To many Americans, the rise of militant Islamism is inexplicable. Why can’t Muslims keep politics separate from religion? Behind that question, says Mark Lilla, a professor of humanities at Columbia University, is an assumption that secularism is the natural condition of humankind. But it isn’t. The West’s own break with political theology was a unique historical event—and the fragility of that separation is underscored by the way political theology has occasionally returned, notably in Protestant thinkers’ support for Nazism.
We owe what Lilla calls the “Great Separation” of politics and religion in the West to Thomas Hobbes (1588–1679). Amid the furious wars of religion between Protestants and Catholics in 17th-century Europe, the English philosopher “did the most revolutionary thing a thinker can ever do—he changed the subject, from God and his commands to man and his beliefs.” Ignoring divine commands, Hobbes argued in Leviathan (1651) that peace must be the first imperative of life on earth, and that humans must surrender to absolute rulers in order to achieve it. An exhausted Europe accepted the secular prescription, as later modified by John Locke and others.
Jean-Jacques Rousseau (1712–78) represented the proverbial fly in the ointment. No friend of organized religion, Rousseau nevertheless argued that human beings need religion both as an expression of their natural goodness and as a moral compass. The “children of Rousseau” flourished in continental Europe, especially after the traumas of the godless French Revolution and the Napoleonic conquests. Immanuel Kant and G. W. F. Hegel were among the thinkers who embraced a romantic vision of religion’s purifying force. Hegel argued that religion alone could forge social bonds and encourage people to sacrifice for the common good—it was the source of Volksgeist, a people’s shared spirit.
Among both Protestants and Jews in 19th-century Germany, these ideas bred a stolid liberal theology that prescribed “a catechism of moral commonplaces” and dutiful citizenship. But the horrors of World War I put an end to this complacent belief system.
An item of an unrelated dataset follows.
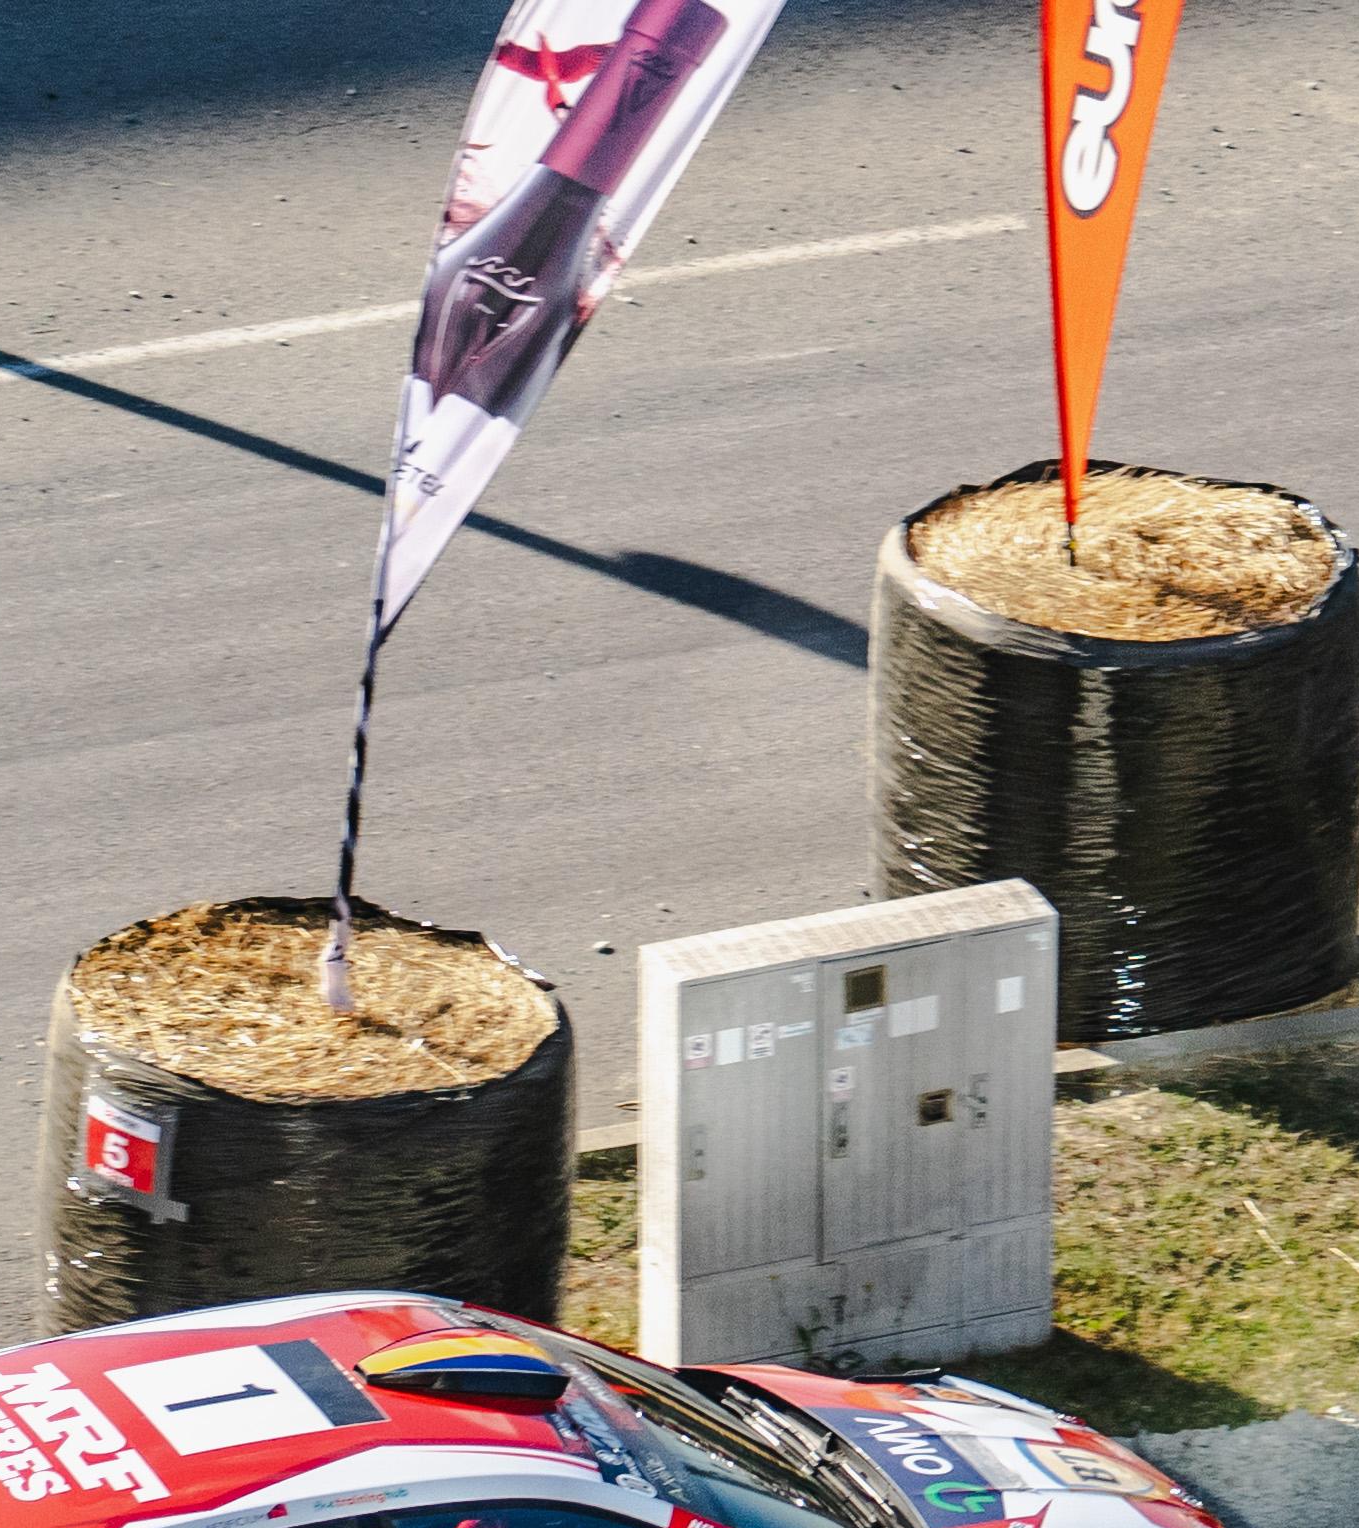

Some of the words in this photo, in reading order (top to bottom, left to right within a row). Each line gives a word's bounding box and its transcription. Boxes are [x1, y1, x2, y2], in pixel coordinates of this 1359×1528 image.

[102, 1132, 129, 1169] 5
[163, 1383, 279, 1413] 1
[853, 1416, 954, 1476] OMV
Germans were not alone in demanding something more exalted—the purchase on redemption that is the ultimate promise of biblical religion—but it was in Weimar Germany that the demand got its fullest expression. The Jewish thinker Martin Buber, later regarded as a kind of ecumenicalist sage, called for a “Masada of the spirit” and declared that “a beautiful death” was preferable to a plodding bourgeois existence. The theologian Karl Barth forged a more militant Protestantism, and though he never rallied to the Nazi cause, a number of others did. The respected Lutheran theologian Emanuel Hirsch, notes Lilla, “welcomed the Nazi seizure of power for bringing Germany into ‘the circle of the white ruling peoples,’ to which God has entrusted the responsibility for the history of humanity.”
Is there a new Hobbes lurking among today’s Muslim thinkers? Lilla is respectful but skeptical of those who simply promote a more liberal and tolerant Islam. “The history of Protestant and Jewish liberal theology reveals the problem: The more a biblical faith is trimmed to fit the demands of the moment, the fewer reasons it gives believers for holding on to that faith in troubled times, when self-appointed guardians of theological purity offer more radical hope.”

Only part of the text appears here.